Somente a intensidade do ato me revela suas nuances mais sutis. Certa vez,
junto a uma mulher que nem sabia o nome, num momento de desejo pronunciado,
beijei-lhe com estrépito e mordisquei-lhe os lábios inferiores. Passei a língua
por entre os lábios e as gengivas e ela gemeu de prazer. A partir desse dia,
percebi o quão interessante e revelador pode ser um beijo bem elaborado.
Eu
já podia ouvir o casal da TV discutindo a bom som, barulhos de tapas e safanões
percorrendo o quarto. Ele foi embora e bateu a porta vigorosamente. Eu me
permitia pensar como se fosse o protagonista daquela cena, excluindo obviamente
as agressões físicas que eles trocavam, porque penso que uma mulher deve ser
respeitada a cada momento. Mesmo que as discussões se desenrolem doloridas,
áridas e severas, o respeito à outra parte deve se fazer presente sob pena de
esfriarmos as fibras de nosso ser com o embrutecimento do espírito e a
deturpação moral. Amália era a mesma mulher doce e atraente de sempre. O que
havia mudado era meu eu. Eu já a conhecia como a mim mesmo, e por alguma razão
isso me incomodava. O que eu conhecia me causava medo e apreensão. Não entendia
o motivo disso por mais que me esforçasse para me analisar. Preciso de um
analista, pensava eu, tomando um gole do champanhe que já rolava quente pela
garganta. A mansidão do mar não permite que os perigos se mostrem audazes. As
tempestades não se fazem nas marolas. E meu espírito precisava da tormenta para
que algo acontecesse. A metamorfose humana acontece nas situações tempestuosas
e comigo não parecia ser diferente.
Amália
havia voltado para a cama e sorvia goles infinitos de água mineral. Estava
falando consigo mesma, numa intensidade que eu ouvia da varanda.
-
Calma, sua esfomeada.
-
Esfomeada não porque não estou comendo nada, estou bebendo...
Eu
sorria com pena de mim mesmo e com pena dela. Ela não merecia a separação. Seus
olhinhos brilhavam de felicidade perto de mim. Até seus cabelos esvoaçavam com
mais beleza por conta da sua alegria. Eu a via nua, seios perfeitos, quadris
desenhados cuidadosamente. As nádegas, grandes, tinham uma curvatura suave e
perfeita. Percebi um fio de cabelo colado pelo suor em sua bunda. Ela estava
feliz à minha espera para celebrarmos nosso amor novamente. Tomei o restante da
taça, olhei novamente a cidade e entrei.

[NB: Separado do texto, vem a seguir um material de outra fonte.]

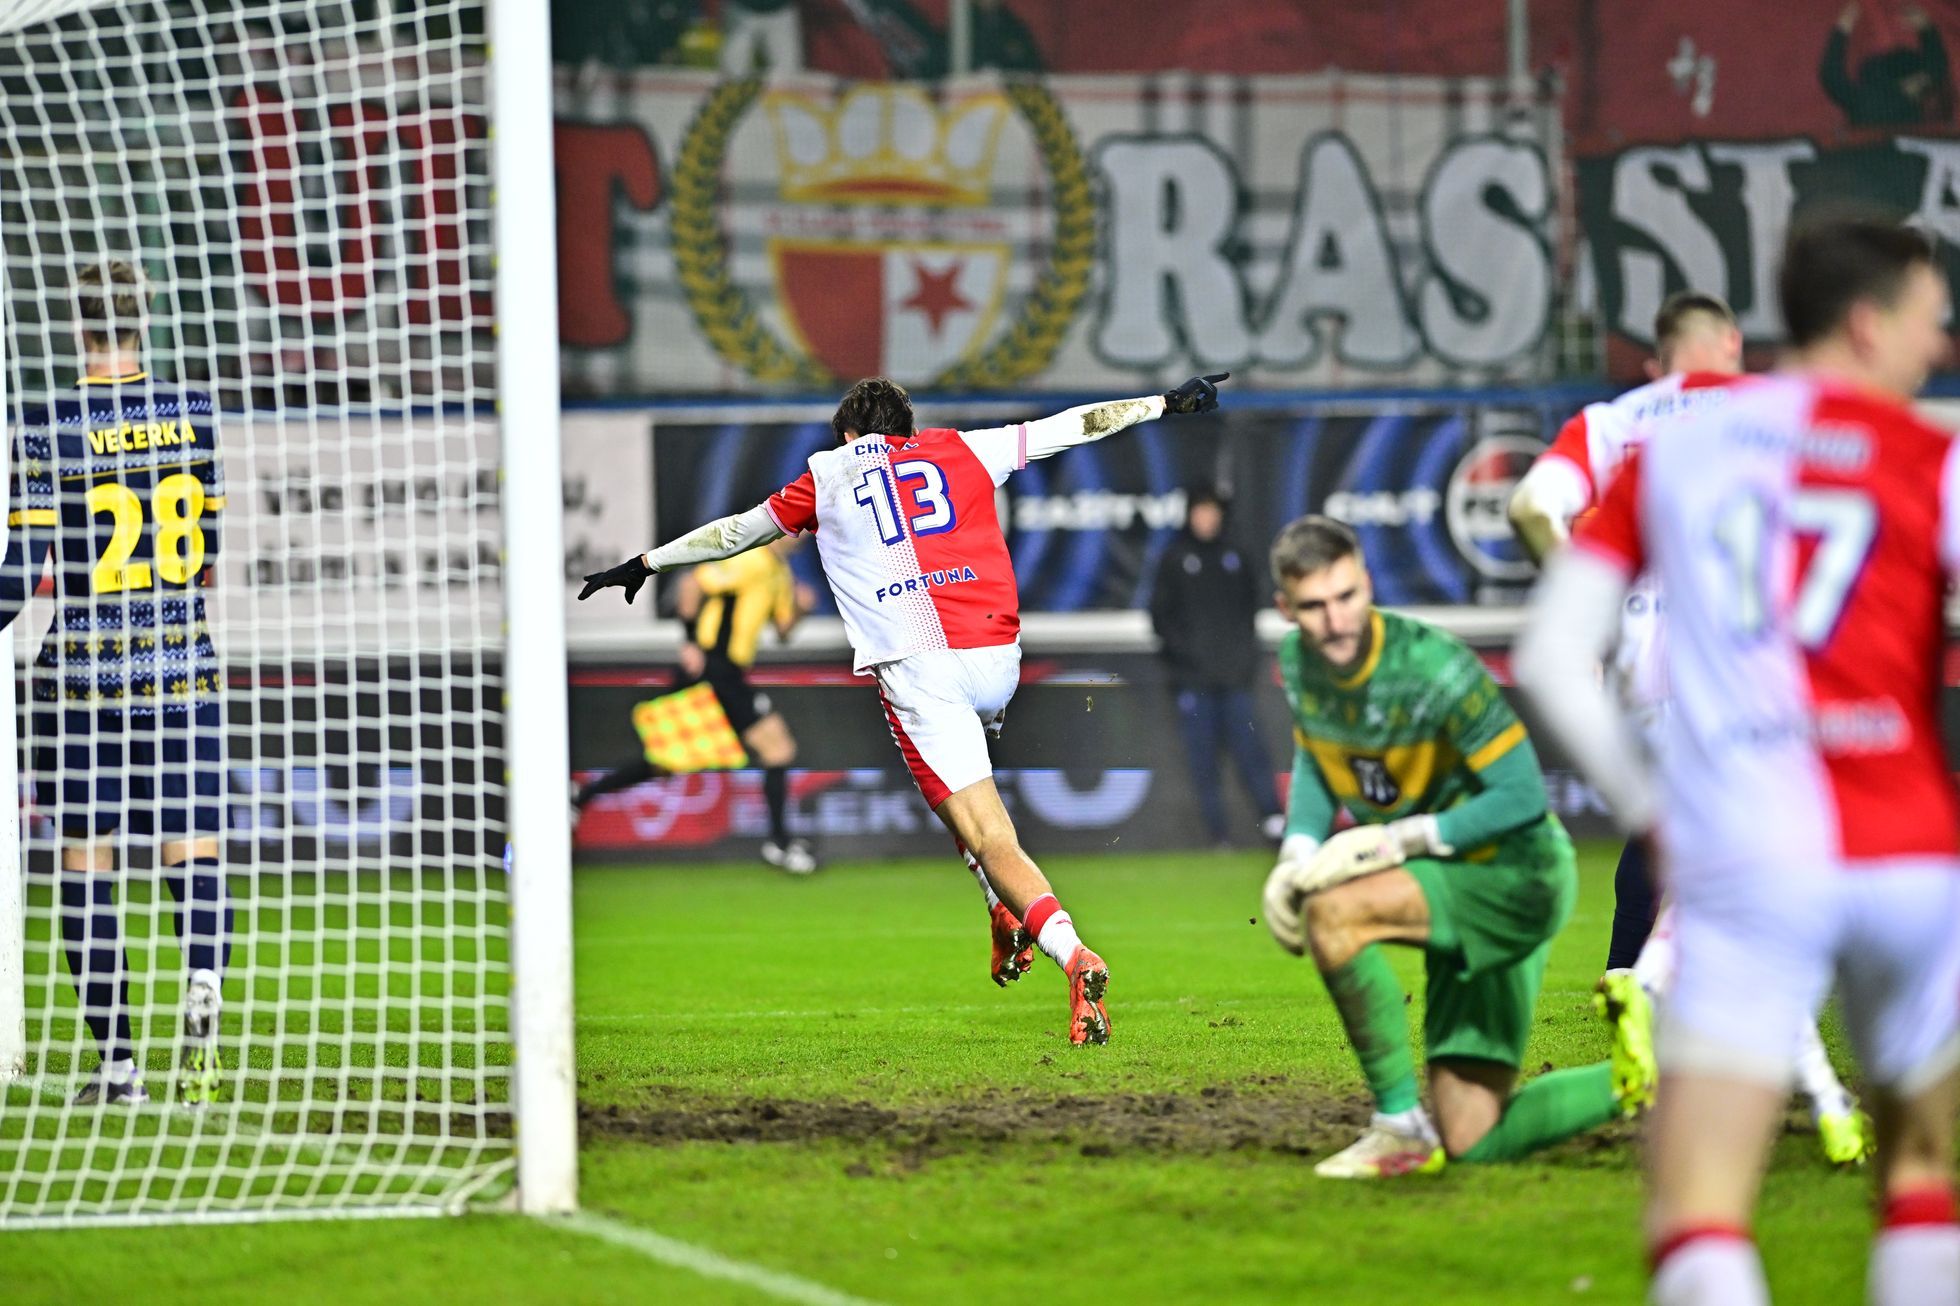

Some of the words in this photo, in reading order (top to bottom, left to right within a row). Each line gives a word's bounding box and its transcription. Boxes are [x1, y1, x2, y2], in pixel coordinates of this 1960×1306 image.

Joguei uma água no rosto, mirei-me no
espelho e voltei para a cama. Como um cão faminto pulei sobre Amália e procurei
esquecer aquela loucura que eu acalentava idiotamente. Beijei-lhe com sofreguidão
enquanto olhava em seus olhos entreabertos. Procurei seus seios que palmilhei
com a língua, milímetro por milímetro. Sentia o cheiro da sua pele. Invadi-lhe
com fome de amor. Os movimentos logo se tornaram evidentes e audíveis. Ficamos
nos olhando durante todo o ato. Cariciei-lhe os cabelos e cheirava-os,
acuradamente. Mudamos de posição e passamos a espancar nossos corpos de quatro.
Amália gemia e chorava de prazer implorando-me mais um orgasmo. Explodi por fim
enquanto ela gozava mais uma vez. Estendeu-se na cama e eu caí ao seu lado
exausto, satisfeito. Ela começou a me jurar amor eterno e me pedir para nunca
abandoná-la. Como que num turbilhão, a velha idéia de deixá-la voltou a tomar
parte de meus pensamentos. Ela me acariciava o peito, me beijava o rosto. Seu
corpo nu era algo suavemente belo. Suas ancas perfeitas estavam avermelhadas
pelo impacto repetitivo no meu quadril. Eu simplesmente não tinha coragem de
dizer-lhe o que pensava.
Fico
até hoje tentando pactuar certos pensamentos com certos sentimentos. Curioso
como pode duas vertentes tão íntimas e irmãs se divergirem tanto dentro de um
mesmo coração. Sentimento e razão realmente são irmãos, mas quando se
desentendem destroem vidas e lares. Amália nunca havia me enganado. Amava-me de
fato. O problema é que eu não podia mais estar com ela embora a amasse como a
mim mesmo.
Rodei
os canais no controle remoto procurando algum programa que não sabia qual. A
cena do casal se separando havia me impressionado sobremaneira. Amália estava
deitada de lado, ancas expostas, seios a mostra e me olhava com uma alegria
inexplicável. Eu procurava não demonstrar que eu percebia o que dizia aquele
olhar confidente. Achei finalmente um programa sobre a vida e obra de Antonio
Vivaldi. Ao fundo tocava uma de suas obras mais famosas: As quatro estações.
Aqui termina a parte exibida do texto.